Kommentar zum Philharmonie-EklatDas angeblich so tolerante Köln muss sich schämen
- Das Philharmonie-Publikum erzwang durch Lachen, Klatschen, Buhen, Pfeifen und geräuschvolles Verlassen des Saals den Abbruch des jüngsten Concerto-Köln-Konzerts.
- Philharmonie-Intendant Louwrens Langevoort sagt enttäuscht, er habe „die Möglichkeit einer solchen Reaktion auf Steve Reich in Köln nicht für möglich gehalten“.
Köln – Statt einer Rezension des jüngsten Concerto-Köln-Konzerts in der Philharmonie beschränken wir uns aus gegebenem Anlass auf den Hinweis, dass es sich insgesamt um eine gute, vielleicht nicht exorbitante Darbietung handelte.

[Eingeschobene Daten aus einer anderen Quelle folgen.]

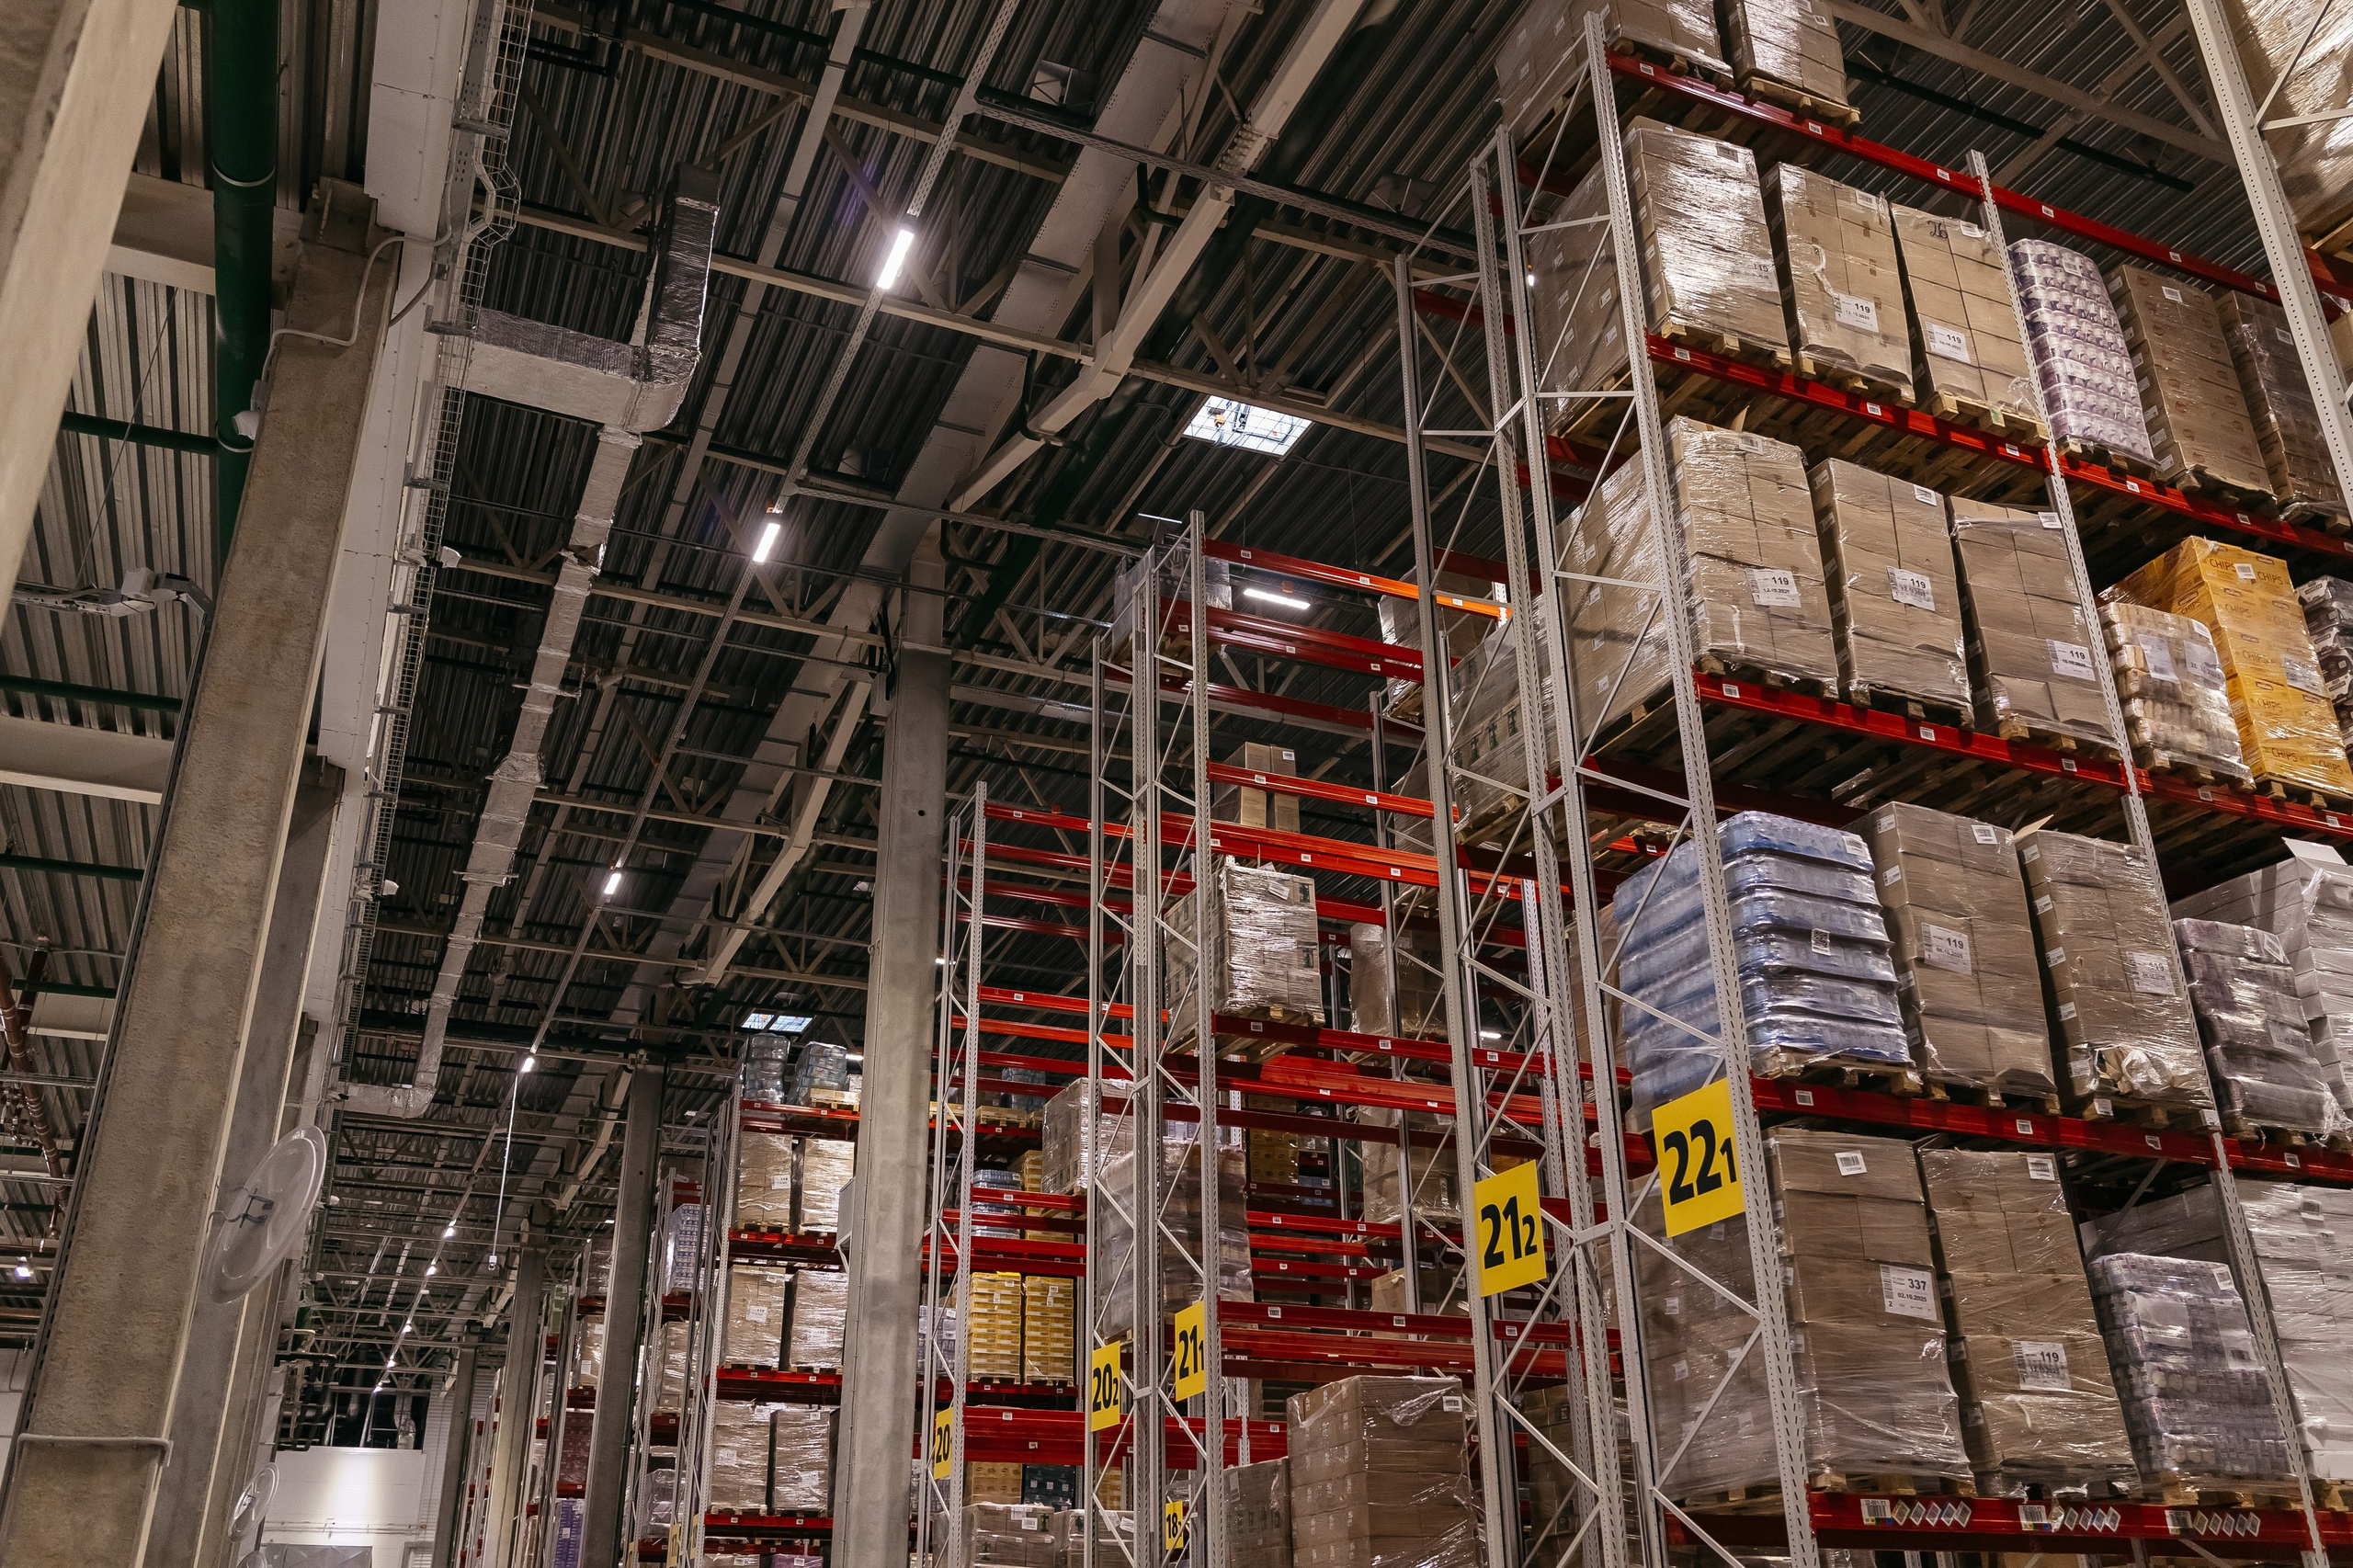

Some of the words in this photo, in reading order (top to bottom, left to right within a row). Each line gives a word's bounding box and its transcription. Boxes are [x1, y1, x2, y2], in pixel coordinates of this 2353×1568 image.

[1854, 302, 1870, 313] 119
[1946, 334, 1962, 345] 119
[1771, 576, 1790, 585] 119
[1910, 578, 1927, 589] 119
[2257, 571, 2284, 585] CHIPS
[2181, 598, 2202, 615] CHIPS
[2224, 603, 2252, 619] CHIPS
[2069, 650, 2086, 660] 119
[2256, 698, 2284, 713] CHIPS
[2271, 747, 2298, 763] CHIPS
[2318, 759, 2344, 775] CHIPS
[1946, 937, 1964, 949] 119
[1907, 1278, 1927, 1290] 337
[1897, 1291, 1927, 1302] 02.10.2025
[2040, 1351, 2060, 1363] 119
[936, 1423, 952, 1464] 20

Eine Kritik wird trotzdem fällig – nicht an den Künstlern, sondern an Teilen des Publikums. Und zwar nicht am Husten- und Handyklingel-Orkan, sondern daran, dass eine nicht unbeträchtliche Minderheit der Besucher basale mitteleuropäische Benimm-Errungenschaften grob missachtete und durch Lachen, Klatschen, Buhen, Pfeifen und geräuschvolles Verlassen des Saals den Abbruch eines Programmpunktes erzwang.
Um keine Missverständnisse aufkommen zu lassen: Niemand ist genötigt, den Minimalismus eines Steve Reich zu goutieren – der übrigens kein Neutöner, sondern mit seinem fast ein halbes Jahrhundert alten Stück „Piano Phase“ Musikgeschichte ist.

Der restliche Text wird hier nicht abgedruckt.